BPJPH Soroti Kesiapan Sektor Hulu Jelang Wajib Halal 2026
Jakarta – Badan Penyelenggara Jaminan Produk Halal (BPJPH) memetakan kesiapan sektor hulu seperti Rumah Potong Hewan (RPH) dan Rumah Potong Unggas (RPU) menjelang tenggat Wajib Halal pada Oktober 2026. Oleh karena itu, pengawasan dan pembinaan disiapkan agar implementasi aturan berjalan maksimal.
Langkah ini mencakup kesiapan industri pengolahan hingga penguatan fasilitas pelaku Usaha Mikro dan Kecil (UMK). BPJPH menegaskan pentingnya pemetaan komprehensif agar seluruh rantai pasok memenuhi regulasi.

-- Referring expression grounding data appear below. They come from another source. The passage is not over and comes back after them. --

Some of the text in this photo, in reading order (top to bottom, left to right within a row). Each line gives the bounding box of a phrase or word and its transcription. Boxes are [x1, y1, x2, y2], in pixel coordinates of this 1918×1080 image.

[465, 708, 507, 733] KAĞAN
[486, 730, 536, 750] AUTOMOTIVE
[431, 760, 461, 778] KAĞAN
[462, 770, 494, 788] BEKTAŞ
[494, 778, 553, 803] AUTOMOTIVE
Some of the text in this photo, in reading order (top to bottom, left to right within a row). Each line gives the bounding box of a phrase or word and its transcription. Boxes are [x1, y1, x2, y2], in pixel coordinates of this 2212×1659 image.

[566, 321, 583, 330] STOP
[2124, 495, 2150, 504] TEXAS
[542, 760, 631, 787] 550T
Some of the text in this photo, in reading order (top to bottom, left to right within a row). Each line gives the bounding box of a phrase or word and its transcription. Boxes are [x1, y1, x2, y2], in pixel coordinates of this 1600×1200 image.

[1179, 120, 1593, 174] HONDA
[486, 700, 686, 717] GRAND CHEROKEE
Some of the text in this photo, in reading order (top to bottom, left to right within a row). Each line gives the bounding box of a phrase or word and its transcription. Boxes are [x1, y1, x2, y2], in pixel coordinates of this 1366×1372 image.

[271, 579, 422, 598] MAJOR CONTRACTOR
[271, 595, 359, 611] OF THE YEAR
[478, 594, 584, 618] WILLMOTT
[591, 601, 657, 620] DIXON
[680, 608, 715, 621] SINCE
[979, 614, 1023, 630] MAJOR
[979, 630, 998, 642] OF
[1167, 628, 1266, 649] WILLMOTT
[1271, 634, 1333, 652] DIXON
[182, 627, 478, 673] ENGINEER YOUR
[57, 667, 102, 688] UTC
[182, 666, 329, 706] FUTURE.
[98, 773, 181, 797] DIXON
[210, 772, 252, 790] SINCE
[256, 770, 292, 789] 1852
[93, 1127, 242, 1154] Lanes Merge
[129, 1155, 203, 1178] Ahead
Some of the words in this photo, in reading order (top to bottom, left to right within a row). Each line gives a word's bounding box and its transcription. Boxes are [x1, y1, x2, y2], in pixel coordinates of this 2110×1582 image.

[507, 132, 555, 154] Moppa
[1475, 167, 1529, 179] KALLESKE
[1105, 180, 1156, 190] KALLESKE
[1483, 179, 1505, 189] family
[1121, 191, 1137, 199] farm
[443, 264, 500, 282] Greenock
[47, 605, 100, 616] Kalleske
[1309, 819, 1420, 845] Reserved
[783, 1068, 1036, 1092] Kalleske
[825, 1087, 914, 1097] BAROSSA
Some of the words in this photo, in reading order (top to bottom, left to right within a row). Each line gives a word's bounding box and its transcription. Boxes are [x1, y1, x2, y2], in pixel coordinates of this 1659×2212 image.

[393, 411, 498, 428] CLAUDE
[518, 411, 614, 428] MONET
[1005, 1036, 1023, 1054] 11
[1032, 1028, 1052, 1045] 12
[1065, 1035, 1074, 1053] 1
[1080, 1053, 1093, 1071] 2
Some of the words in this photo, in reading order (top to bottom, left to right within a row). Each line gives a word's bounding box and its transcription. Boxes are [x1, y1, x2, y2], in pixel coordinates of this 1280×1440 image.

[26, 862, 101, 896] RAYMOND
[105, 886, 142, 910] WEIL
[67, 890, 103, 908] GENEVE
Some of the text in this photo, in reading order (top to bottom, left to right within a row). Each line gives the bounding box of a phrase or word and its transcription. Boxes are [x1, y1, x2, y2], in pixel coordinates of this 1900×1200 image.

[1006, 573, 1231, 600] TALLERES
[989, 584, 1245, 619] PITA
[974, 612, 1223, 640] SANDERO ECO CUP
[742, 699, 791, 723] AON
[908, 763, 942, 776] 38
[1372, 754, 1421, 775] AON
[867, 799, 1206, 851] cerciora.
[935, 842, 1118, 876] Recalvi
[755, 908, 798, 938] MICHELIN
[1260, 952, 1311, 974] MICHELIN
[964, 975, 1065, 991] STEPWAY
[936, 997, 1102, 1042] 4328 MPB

“Pengawasan Jaminan Produk Halal kita siapkan untuk memastikan implementasi Wajib Halal berjalan sesuai ketentuan, sekaligus memberikan pembinaan kepada pelaku usaha,” kata Deputi Bidang Pembinaan dan Pengawasan Jaminan Produk Halal BPJPH EA Chuzaemi Abidin, dalam keterangannya di Jakarta, Kamis (10/9/2026). Dilansir dari REPUBLIKA.
Sinergi Lintas Lembaga Mitigasi Potensi Hambatan
Selanjutnya, BPJPH mendorong penyelarasan data antar kementerian dan lembaga untuk memetakan wilayah yang membutuhkan percepatan sertifikasi. Konsolidasi ini melibatkan KSP, Kemenko PMK, Kemenko Perekonomian, Kementan, Kemendagri, Kemenperin, Kemendag, hingga KNEKS.
Langkah kolaboratif ini bertujuan agar mitigasi hambatan dapat dilakukan secara presisi. Kebijakan ini diharapkan memberi perlindungan konsumen sekaligus kepastian hukum bagi iklim dunia usaha.
“Sinergi dan kolaborasi lintas kementerian/lembaga menjadi kunci untuk memastikan kebijakan Wajib Halal berjalan efektif,” katanya.
“Sinergi diperlukan untuk menyelaraskan kebijakan, dan memastikan langkah mitigasi dilakukan secara tepat untuk mengantisipasi potensi hambatan, sehingga implementasi Wajib Halal memberikan implikasi positif dalam memberikan kepastian bagi dunia usaha, perlindungan bagi konsumen, sekaligus mendukung pertumbuhan usaha yang berkelanjutan,” ujar Aqil.
Penguatan Ekosistem Sertifikasi Bagi Pelaku UMK
Selain itu, skema sertifikasi halal terus dikembangkan untuk mempermudah aksesibilitas para pelaku usaha mikro dan kecil. Optimalisasi skema ini dilakukan lewat fasilitasi dan dukungan penuh dari pemerintah daerah maupun pusat.
Pemanfaatan data serta integrasi ekosistem halal menjadi fondasi utama dalam menyongsong tenggat waktu Oktober 2026. Pada akhirnya, kesiapan seluruh elemen masyarakat dan industri akan menjamin kelancaran transisi ini.
“Penguatan dilakukan melalui optimalisasi berbagai skema sertifikasi halal seperti fasilitasi pelaku usaha melalui kolaborasi dengan kementerian, lembaga, dan pemerintah daerah, yang didukung penguatan ekosistem, pemanfaatan data, dan sebagainya,” ujarnya.